━━━ Task input
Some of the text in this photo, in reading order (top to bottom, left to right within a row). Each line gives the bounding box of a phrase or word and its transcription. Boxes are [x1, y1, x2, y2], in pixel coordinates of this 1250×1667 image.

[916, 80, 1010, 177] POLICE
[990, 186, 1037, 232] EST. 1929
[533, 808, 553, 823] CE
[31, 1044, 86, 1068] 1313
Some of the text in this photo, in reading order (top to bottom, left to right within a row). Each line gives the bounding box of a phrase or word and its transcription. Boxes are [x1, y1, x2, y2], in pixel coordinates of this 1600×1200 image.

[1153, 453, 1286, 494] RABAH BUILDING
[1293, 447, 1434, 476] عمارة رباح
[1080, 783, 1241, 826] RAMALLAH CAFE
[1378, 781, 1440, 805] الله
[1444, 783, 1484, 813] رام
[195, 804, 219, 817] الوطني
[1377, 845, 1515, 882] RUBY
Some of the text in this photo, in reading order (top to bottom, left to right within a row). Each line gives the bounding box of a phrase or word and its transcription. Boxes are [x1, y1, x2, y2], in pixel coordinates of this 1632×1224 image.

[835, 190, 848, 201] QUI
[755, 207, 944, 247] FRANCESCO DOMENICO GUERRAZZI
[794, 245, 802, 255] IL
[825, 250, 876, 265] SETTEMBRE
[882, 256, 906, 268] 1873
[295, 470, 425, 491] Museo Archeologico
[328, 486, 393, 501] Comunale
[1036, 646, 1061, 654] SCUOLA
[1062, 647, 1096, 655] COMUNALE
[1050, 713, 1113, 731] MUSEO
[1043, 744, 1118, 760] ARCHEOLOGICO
━━━━━━
-- Try it --
Every entry is to be restated exactly, with no line dropped.

-- Your solution --
Some of the text in this photo, in reading order (top to bottom, left to right within a row). Each line gives the bounding box of a phrase or word and its transcription. Boxes are [x1, y1, x2, y2], in pixel coordinates of this 1250×1667 image.

[916, 80, 1010, 177] POLICE
[990, 186, 1037, 232] EST. 1929
[533, 808, 553, 823] CE
[31, 1044, 86, 1068] 1313
Some of the text in this photo, in reading order (top to bottom, left to right within a row). Each line gives the bounding box of a phrase or word and its transcription. Boxes are [x1, y1, x2, y2], in pixel coordinates of this 1600×1200 image.

[1153, 453, 1286, 494] RABAH BUILDING
[1293, 447, 1434, 476] عمارة رباح
[1080, 783, 1241, 826] RAMALLAH CAFE
[1378, 781, 1440, 805] الله
[1444, 783, 1484, 813] رام
[195, 804, 219, 817] الوطني
[1377, 845, 1515, 882] RUBY
Some of the text in this photo, in reading order (top to bottom, left to right within a row). Each line gives the bounding box of a phrase or word and its transcription. Boxes are [x1, y1, x2, y2], in pixel coordinates of this 1632×1224 image.

[835, 190, 848, 201] QUI
[755, 207, 944, 247] FRANCESCO DOMENICO GUERRAZZI
[794, 245, 802, 255] IL
[825, 250, 876, 265] SETTEMBRE
[882, 256, 906, 268] 1873
[295, 470, 425, 491] Museo Archeologico
[328, 486, 393, 501] Comunale
[1036, 646, 1061, 654] SCUOLA
[1062, 647, 1096, 655] COMUNALE
[1050, 713, 1113, 731] MUSEO
[1043, 744, 1118, 760] ARCHEOLOGICO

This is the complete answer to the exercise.